→ RECORD SET:

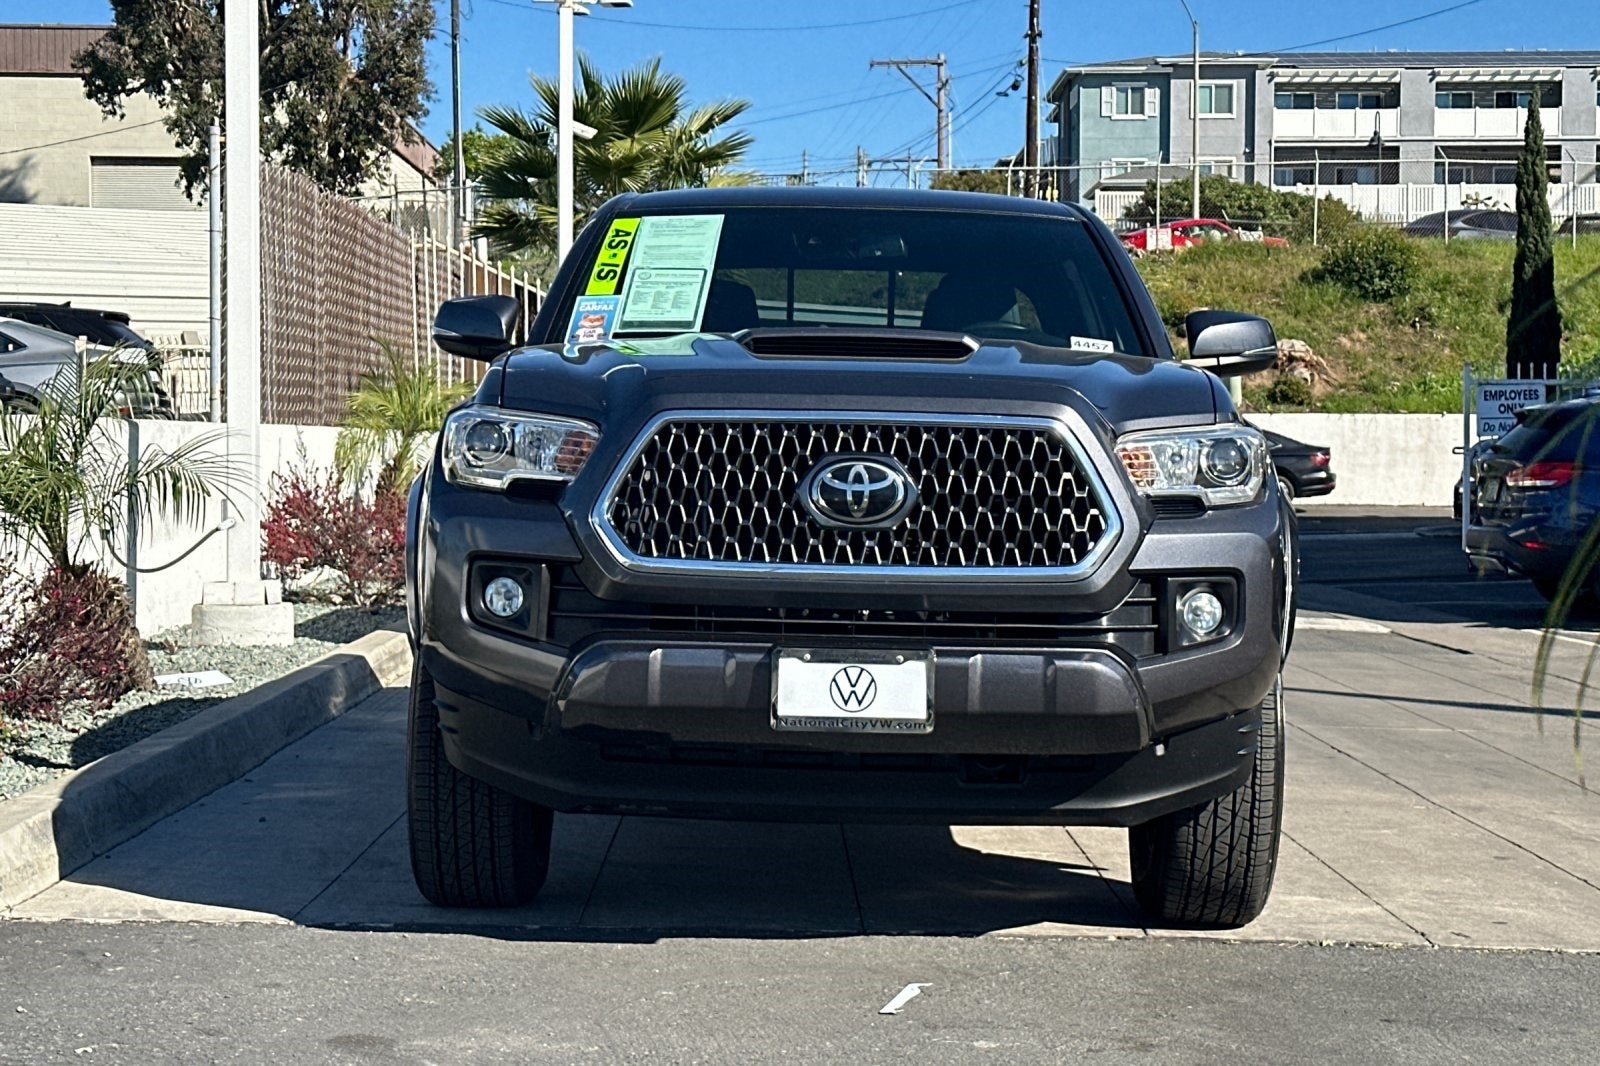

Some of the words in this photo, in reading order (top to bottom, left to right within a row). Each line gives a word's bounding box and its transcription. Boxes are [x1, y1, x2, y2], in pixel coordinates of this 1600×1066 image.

[1074, 341, 1109, 351] 4457
[1483, 389, 1540, 401] EMPLOYEES
[1483, 422, 1495, 432] Do
[778, 717, 926, 730] NationalCityVW.com

→ PROBLEM STATEMENT: Copy all the records word for word and keep the pictures out.

→ WRITTEN RESPONSE:
Some of the words in this photo, in reading order (top to bottom, left to right within a row). Each line gives a word's bounding box and its transcription. Boxes are [x1, y1, x2, y2], in pixel coordinates of this 1600×1066 image.

[1074, 341, 1109, 351] 4457
[1483, 389, 1540, 401] EMPLOYEES
[1483, 422, 1495, 432] Do
[778, 717, 926, 730] NationalCityVW.com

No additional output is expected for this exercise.